◆ **Work item**
Your answer must restate the listing below word for word and contain no images.

◆ **Task inputs**

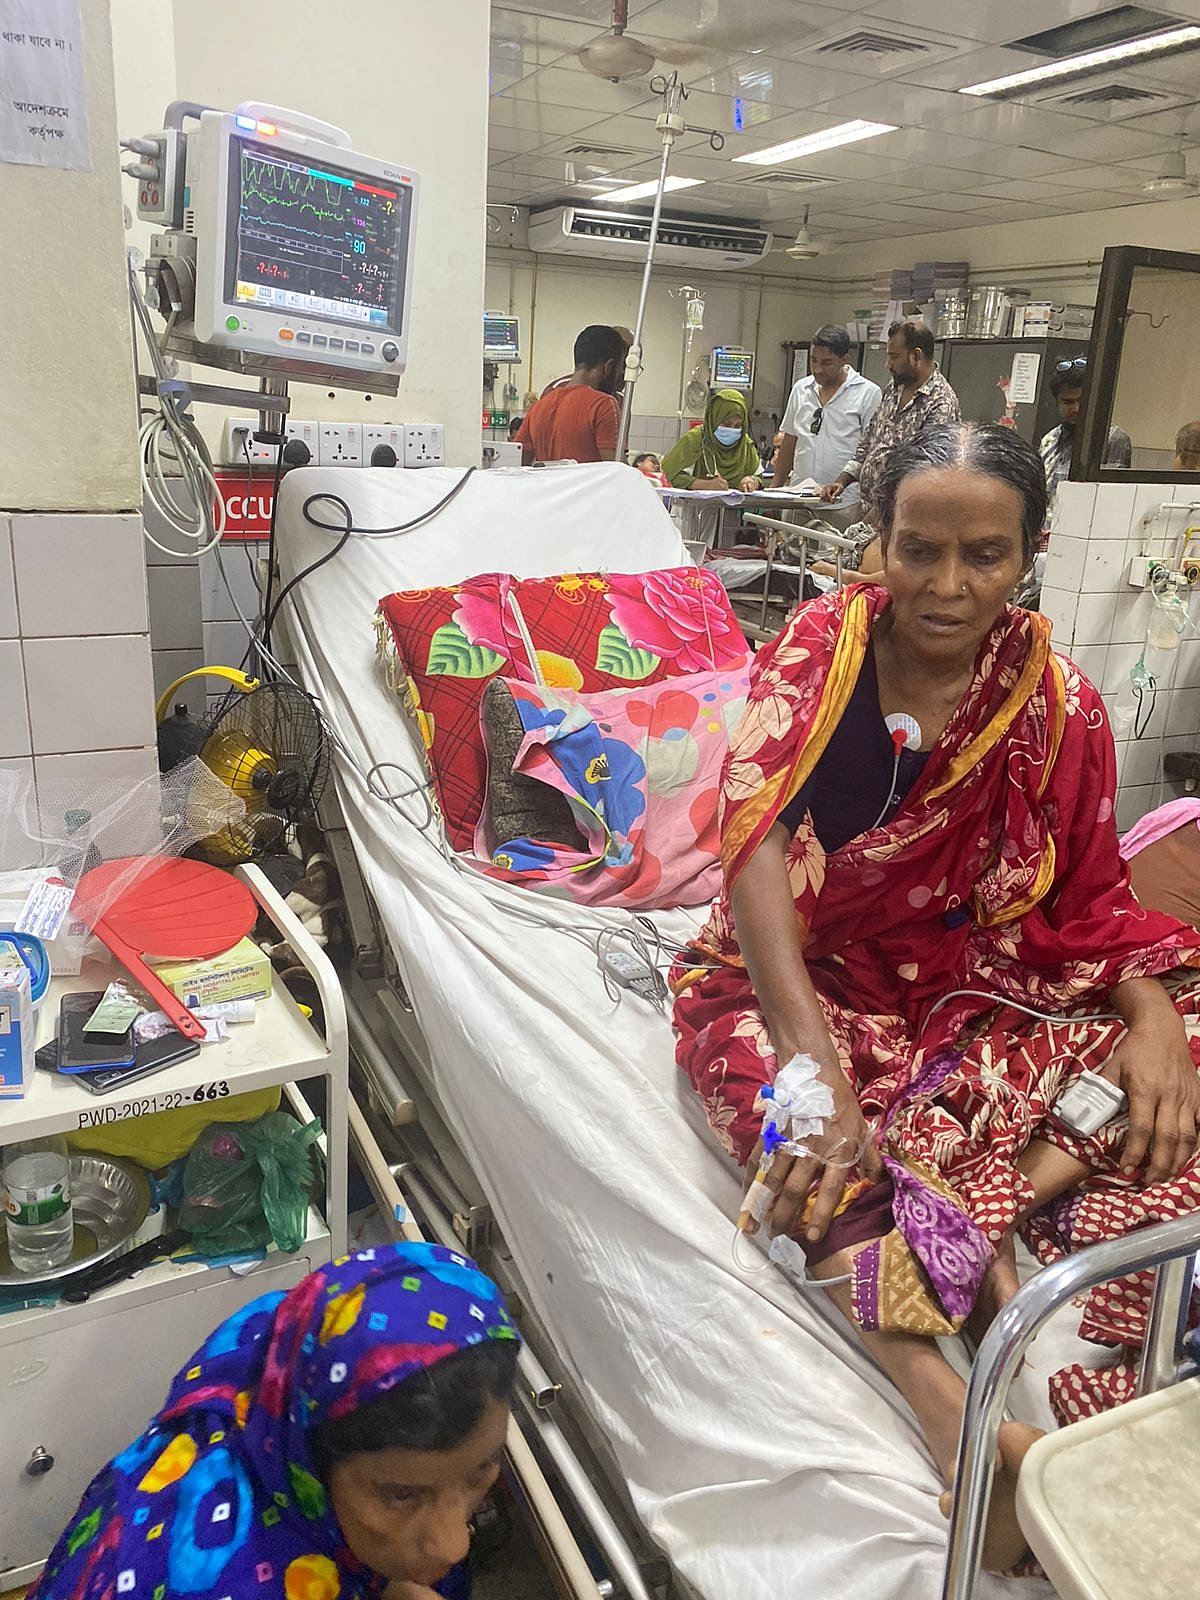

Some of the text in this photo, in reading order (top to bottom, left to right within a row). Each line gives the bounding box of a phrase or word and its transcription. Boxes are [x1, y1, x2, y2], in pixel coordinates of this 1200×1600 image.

[2, 31, 26, 45] থাকা
[28, 35, 51, 48] যাবে
[13, 101, 70, 118] আদেশক্রমে
[27, 124, 65, 141] কর্তৃপক্ষ
[353, 240, 366, 254] 90
[226, 496, 274, 519] CCU
[203, 977, 236, 988] HOSPITALS
[237, 970, 260, 979] LIMITED
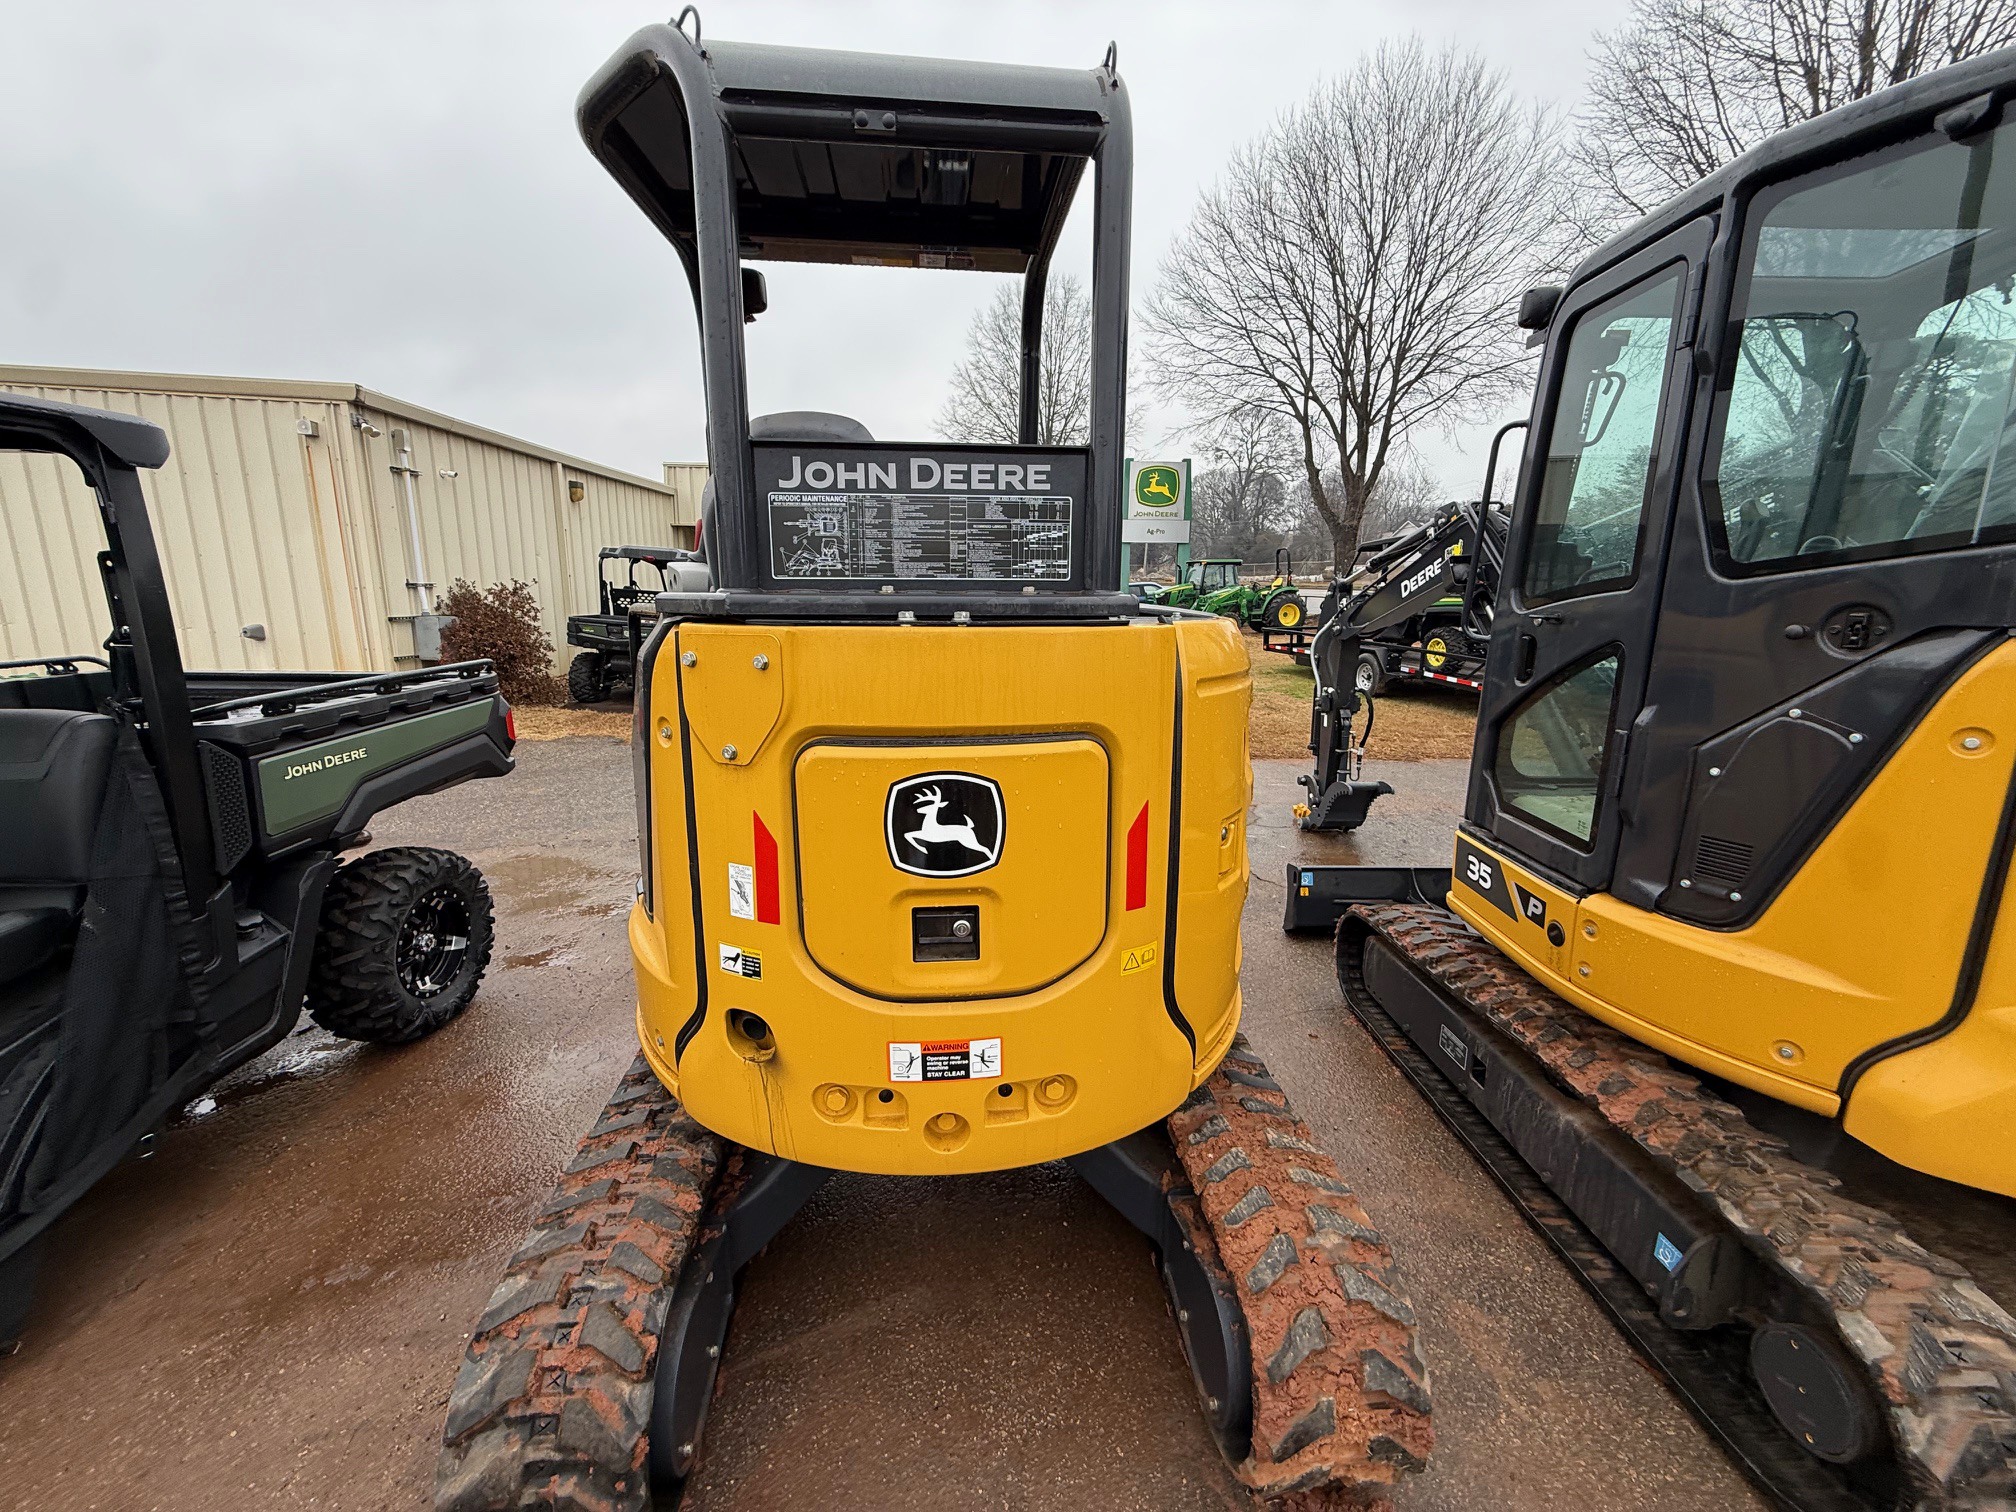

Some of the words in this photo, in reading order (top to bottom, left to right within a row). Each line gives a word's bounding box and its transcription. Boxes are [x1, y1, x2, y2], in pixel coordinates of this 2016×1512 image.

◆ **Solution below**
Some of the text in this photo, in reading order (top to bottom, left to right within a row). Each line gives the bounding box of a phrase or word and its transcription. Boxes are [x1, y1, x2, y2], in pixel coordinates of this 1200×1600 image.

[2, 31, 26, 45] থাকা
[28, 35, 51, 48] যাবে
[13, 101, 70, 118] আদেশক্রমে
[27, 124, 65, 141] কর্তৃপক্ষ
[353, 240, 366, 254] 90
[226, 496, 274, 519] CCU
[203, 977, 236, 988] HOSPITALS
[237, 970, 260, 979] LIMITED

Some of the words in this photo, in reading order (top to bottom, left to right within a row). Each line gives a word's bounding box and its transcription. Boxes are [x1, y1, x2, y2], in pixel coordinates of this 2016×1512 image.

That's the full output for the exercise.